:: TASK TO COMPLETE ::
Starting from the line that holds "this 2048×1117 image.", print every line through the end of the records, first and last included.
ENTRIES PROVIDED section start
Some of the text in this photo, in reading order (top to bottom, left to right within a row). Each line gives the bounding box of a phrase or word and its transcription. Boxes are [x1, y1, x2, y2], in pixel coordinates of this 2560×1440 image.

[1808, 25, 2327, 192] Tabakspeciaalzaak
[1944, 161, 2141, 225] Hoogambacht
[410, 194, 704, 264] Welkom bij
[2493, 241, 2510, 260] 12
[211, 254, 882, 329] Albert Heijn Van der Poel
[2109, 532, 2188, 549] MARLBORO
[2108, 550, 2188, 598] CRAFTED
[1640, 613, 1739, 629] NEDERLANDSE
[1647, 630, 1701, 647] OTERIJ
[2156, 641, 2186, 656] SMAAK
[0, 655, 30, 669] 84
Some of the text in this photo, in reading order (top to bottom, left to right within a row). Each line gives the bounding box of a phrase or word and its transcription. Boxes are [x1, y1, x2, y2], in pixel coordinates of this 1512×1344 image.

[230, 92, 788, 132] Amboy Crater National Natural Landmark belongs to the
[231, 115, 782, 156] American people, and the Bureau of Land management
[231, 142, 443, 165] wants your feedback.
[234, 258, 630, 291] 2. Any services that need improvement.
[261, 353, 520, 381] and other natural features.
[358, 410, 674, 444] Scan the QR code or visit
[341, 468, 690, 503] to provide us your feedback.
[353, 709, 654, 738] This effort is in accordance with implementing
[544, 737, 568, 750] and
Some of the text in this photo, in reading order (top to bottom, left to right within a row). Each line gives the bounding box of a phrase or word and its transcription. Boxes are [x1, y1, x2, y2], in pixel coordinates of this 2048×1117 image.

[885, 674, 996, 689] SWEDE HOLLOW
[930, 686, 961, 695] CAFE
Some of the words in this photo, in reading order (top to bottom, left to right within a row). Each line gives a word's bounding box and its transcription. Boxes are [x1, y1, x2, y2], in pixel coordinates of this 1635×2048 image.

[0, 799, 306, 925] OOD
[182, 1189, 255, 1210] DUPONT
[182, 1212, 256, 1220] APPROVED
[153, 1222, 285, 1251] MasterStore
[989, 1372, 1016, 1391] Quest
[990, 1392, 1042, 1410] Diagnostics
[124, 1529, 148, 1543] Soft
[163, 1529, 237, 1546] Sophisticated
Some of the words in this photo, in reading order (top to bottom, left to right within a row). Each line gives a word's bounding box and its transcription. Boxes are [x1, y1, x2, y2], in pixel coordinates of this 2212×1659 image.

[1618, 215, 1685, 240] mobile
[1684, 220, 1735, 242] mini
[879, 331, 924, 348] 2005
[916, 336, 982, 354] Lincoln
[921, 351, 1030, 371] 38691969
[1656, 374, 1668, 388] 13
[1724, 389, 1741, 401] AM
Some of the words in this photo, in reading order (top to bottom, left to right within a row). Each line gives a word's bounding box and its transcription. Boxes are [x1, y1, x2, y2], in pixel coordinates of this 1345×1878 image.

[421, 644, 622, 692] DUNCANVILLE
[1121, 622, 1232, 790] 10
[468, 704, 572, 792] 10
ENTRIES PROVIDED section end
:: RESPONSE TO THE EXERCISE ::
Some of the text in this photo, in reading order (top to bottom, left to right within a row). Each line gives the bounding box of a phrase or word and its transcription. Boxes are [x1, y1, x2, y2], in pixel coordinates of this 2048×1117 image.

[885, 674, 996, 689] SWEDE HOLLOW
[930, 686, 961, 695] CAFE
Some of the words in this photo, in reading order (top to bottom, left to right within a row). Each line gives a word's bounding box and its transcription. Boxes are [x1, y1, x2, y2], in pixel coordinates of this 1635×2048 image.

[0, 799, 306, 925] OOD
[182, 1189, 255, 1210] DUPONT
[182, 1212, 256, 1220] APPROVED
[153, 1222, 285, 1251] MasterStore
[989, 1372, 1016, 1391] Quest
[990, 1392, 1042, 1410] Diagnostics
[124, 1529, 148, 1543] Soft
[163, 1529, 237, 1546] Sophisticated
Some of the words in this photo, in reading order (top to bottom, left to right within a row). Each line gives a word's bounding box and its transcription. Boxes are [x1, y1, x2, y2], in pixel coordinates of this 2212×1659 image.

[1618, 215, 1685, 240] mobile
[1684, 220, 1735, 242] mini
[879, 331, 924, 348] 2005
[916, 336, 982, 354] Lincoln
[921, 351, 1030, 371] 38691969
[1656, 374, 1668, 388] 13
[1724, 389, 1741, 401] AM
Some of the words in this photo, in reading order (top to bottom, left to right within a row). Each line gives a word's bounding box and its transcription. Boxes are [x1, y1, x2, y2], in pixel coordinates of this 1345×1878 image.

[421, 644, 622, 692] DUNCANVILLE
[1121, 622, 1232, 790] 10
[468, 704, 572, 792] 10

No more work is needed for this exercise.